To calculate the charge of the elements in a molecule, we need to keep in mind that some species have a determined number of oxidation that only changes in very specific occasions, such as oxygen (O2-) and hydrogen (H+1). Also, it is important to remember that the charge of the entire molecule must be considered - in this case, all molecules are neutral (total charge = 0).
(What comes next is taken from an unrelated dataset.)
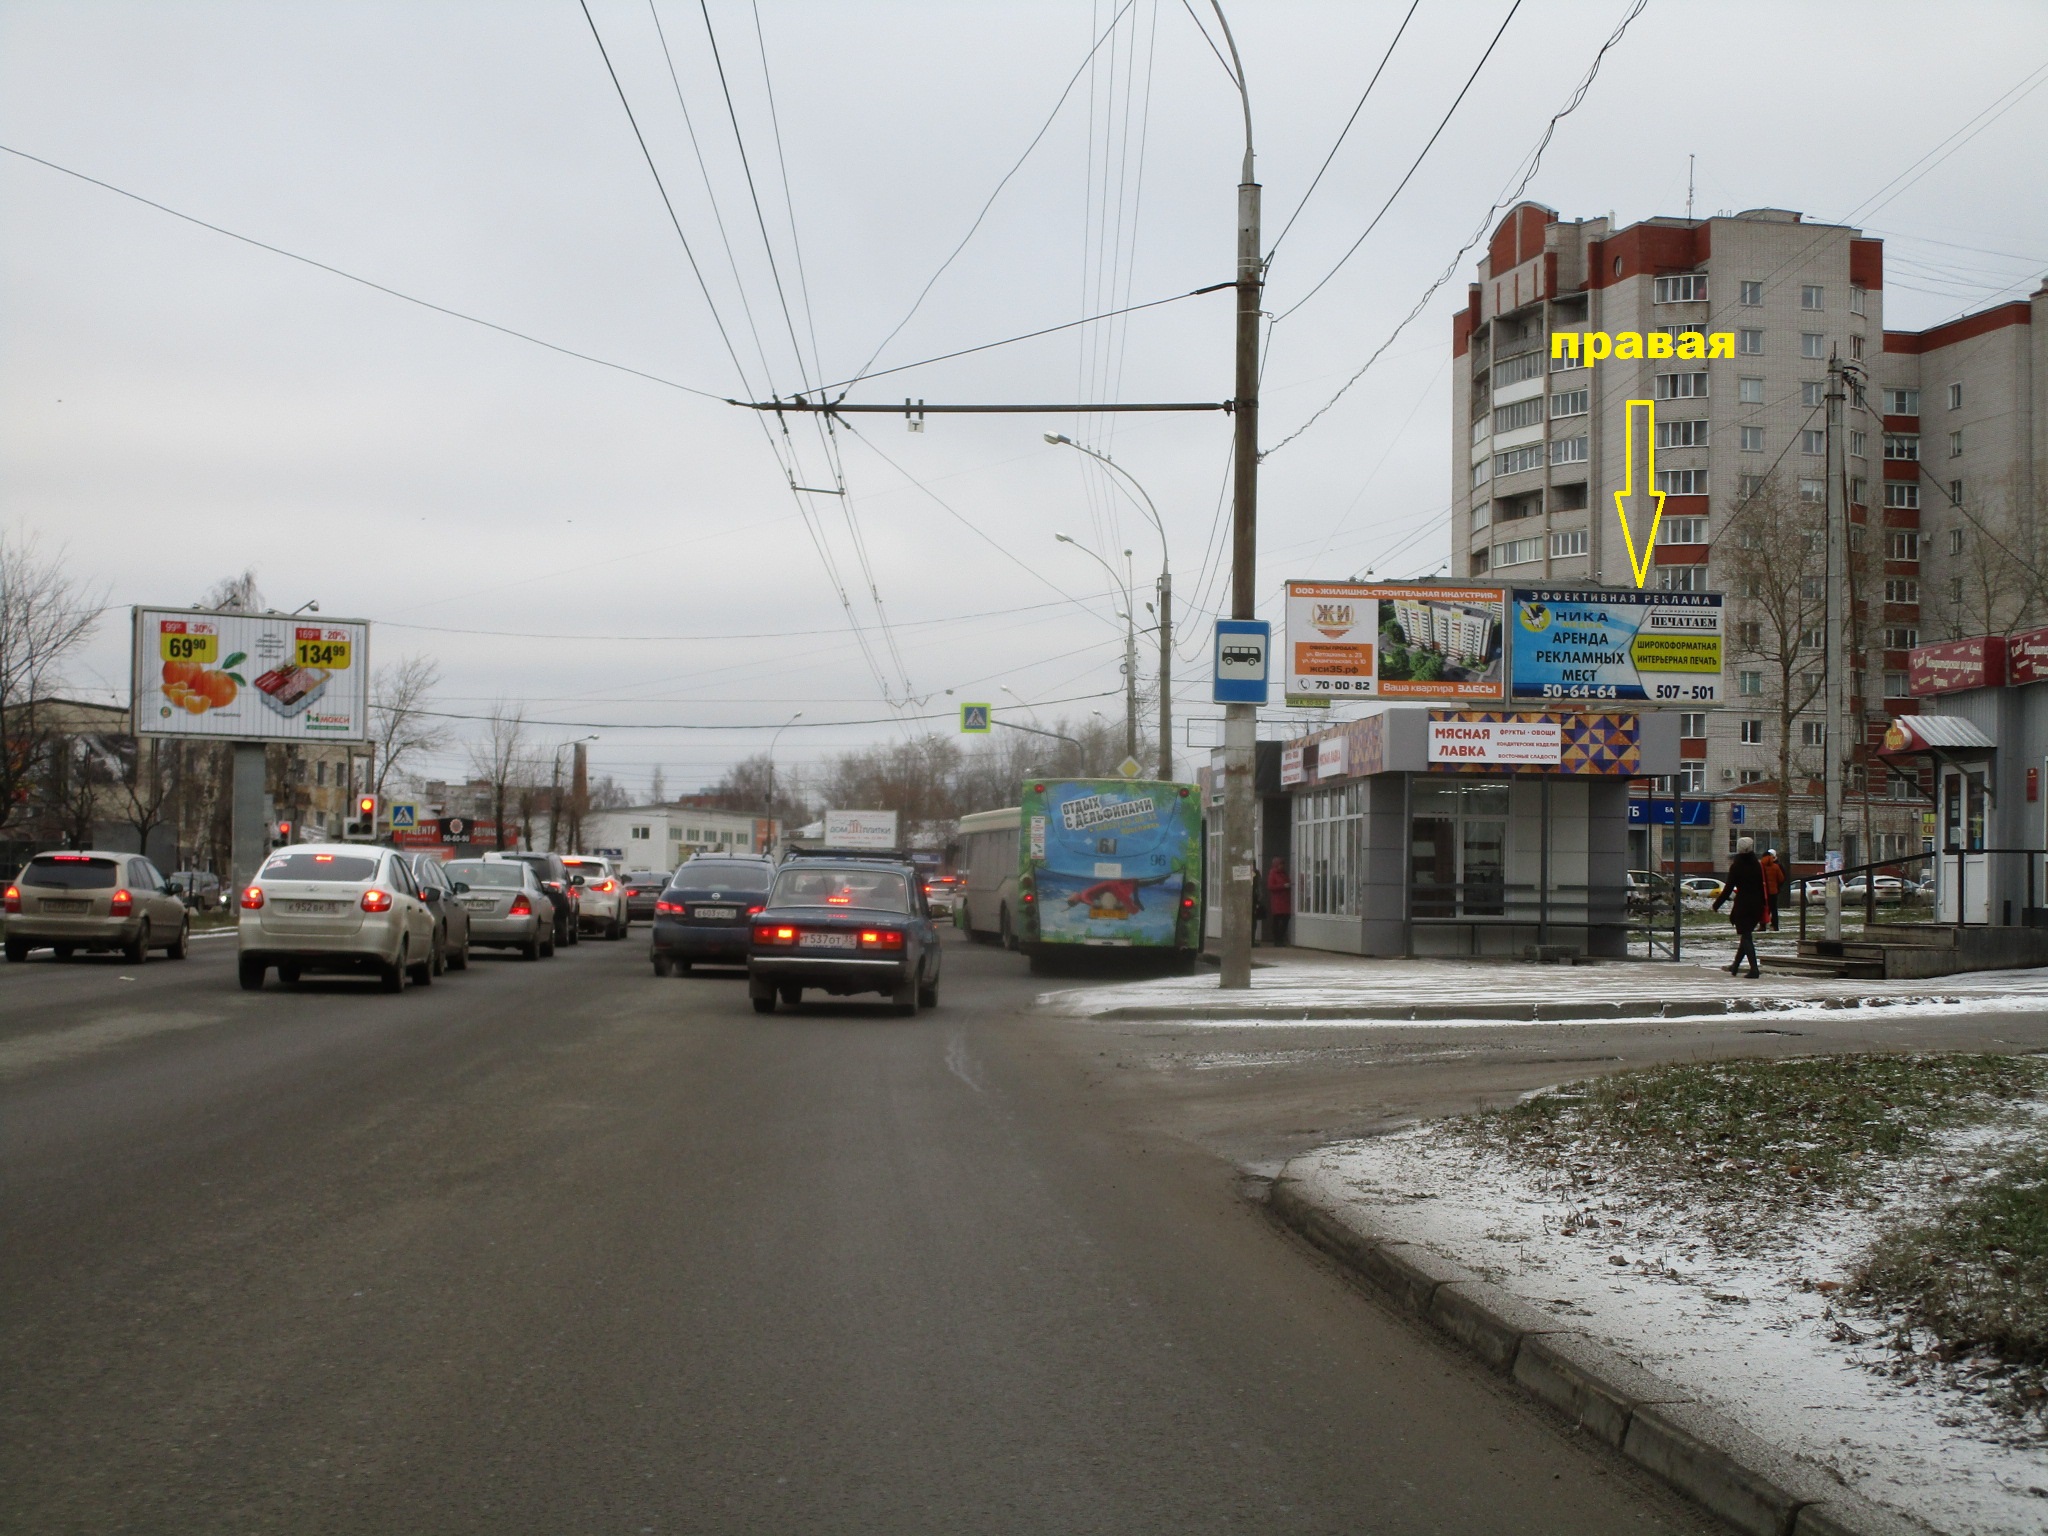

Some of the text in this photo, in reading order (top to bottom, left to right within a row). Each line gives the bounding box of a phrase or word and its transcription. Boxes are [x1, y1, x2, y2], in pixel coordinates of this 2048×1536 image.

At last, we always need to consider the number of atoms of each element in the molecule to calculate the total charge and, if needed, multiply the number of atoms by the charge of the atom.

For copper (II) nitrite, CuN2O4, we can start with the charge of Cu, given in the name of the molecule (+2) and O (-2) and then calculate the required nox of N:

Cu: 1 * +2 = +2

O: 4 * -2 = -8

To achieve total charge = 0, the atoms of N need to balance +2-8=-6

Thus, the charge of each atom of N should be +6/2 = +3

N: 2 * +3 = +6

(total charge = +2 -8 +6 = 0)

For NH4Cl, we start from Cl (-1) and H (+1) and then calculate the charge of N:

Cl: 1 * -1 = -1

H: 4 * +1 = +4

To achieve total charge = 0, the atoms of N must balance +4 - 1 = +3

Thus, we calculate the charge of each atom of N: +3/1 = +3

N: 1 * +3 = +3

For AuI3, the name of the compund states that gold has +3 charge (Au III). We could also start from I, which has charge -1:

I: 3 * -1 = -3

Au: 1 * +3 = +3

For NiF2, the name also says that Ni has a charge (+2), but we could also calculate it from the charge of F, which is -1:

F: 2 * -1 = -2

Ni: 1 * +2 = +2

For Nb2(PO4)5, we can start from O (-2) and Nb (+5, as said in the compound's name). Note that, for this molecule, we also need to consider the number outside the parenthesis!

O: 4*5 * -2 = -40

Nb: 2 * +5 = +10

To achieve total charge = 0, the atoms of P must balance -40+10=-30

Thus, we calculate the charge of each atom of P, knowing that there are 5 of them: +30/5 = +6

P: 5 * +6 = +30

(total charge = -40 + 10 +30 = 0)

For N2Br4, we can start from Br, which has charge -1:

Br: 4 * -1 = -4

N: 2 * +2 = +4

To achieve total charge = 0, we need that the charge of all atoms of N be equal to +4.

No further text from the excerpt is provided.